‘The Diabetes on Return programme brings together all the stakeholders and initiatives that would like to change diabetes care,’ says Mariska van den Berg, one of the programme coordinators on behalf of the TechMed Centre. ‘By working together, we aim to speed up the process.’
Text: Michaela Nesvarova
Diabetes on Return was initiated by UT professor Miriam Vollenbroek-Hutten in 2019. The goal has always been to create a strong network focused on using medical technology to support diabetes patients. Various stakeholders - including the University of Twente, other scientific institutions, hospitals such as MST and ZGT, and technology, nutrition and care companies - are collaborating to develop tailor-made support for patients.
‘We want to help patients to get better control over their disease, but also to get better outcomes,’ says Van den Berg. ‘Type 1 diabetes develops as a result of an autoimmune disease, but type 2 is often the result of an unhealthy lifestyle. About 40% of type 2 patients can completely turn the disease around. With the right lifestyle changes, they can become disease free. Even if not, the right behaviour and treatment can decrease the number of possible complications.’

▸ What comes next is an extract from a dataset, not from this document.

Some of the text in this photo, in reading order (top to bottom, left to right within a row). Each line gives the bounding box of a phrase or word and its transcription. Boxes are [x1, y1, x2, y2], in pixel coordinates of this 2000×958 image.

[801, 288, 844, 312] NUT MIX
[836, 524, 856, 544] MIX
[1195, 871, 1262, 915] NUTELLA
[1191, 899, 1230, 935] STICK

The use of technology and a different approach to diabetes care is crucial, explains Van den Berg. ‘Right now, diabetes care is very reactive. Patients go for a check-up every few months, the physician looks at their blood sugar levels and tries to adjust the treatment. If we switch to using the right technology, the doctor can see all the details – anytime. The care becomes more personal because the doctor and the patient can see exactly what is needed and at which moments.’
A recent example of such a technological aid for patients is the Diameter app, developed by the UT and ZGT within the Diabetes on Return programme. The mobile app is essentially a personalized diabetes coach that helps people to maintain their glucose levels. ‘If a patient needs to take insulin, they generally have to take their own blood sample and then calculate how much insulin they need.
But they only take the blood sample once, which means they often give themselves too much or too little insulin; and that can be dangerous,’ says Van den Berg. ‘The Diameter app continuously monitors glucose levels, exercise, heart rate, diet and medication. Based on this, the app develops an individual predictive model for glucose regulation and supports people in making the right lifestyle choices.’ The app has successfully gone through a pilot study and is now being further developed before entering the market.
The Diabetes on Return programme will continue to work on similar tools, stresses Mariska van den Berg. ‘In the future, we hope to set up a virtual diabetes clinic and truly bring the digital care forward. We aim for holistic and personalized healthcare. We see there is a lot of interest in this and it can have a big societal impact.’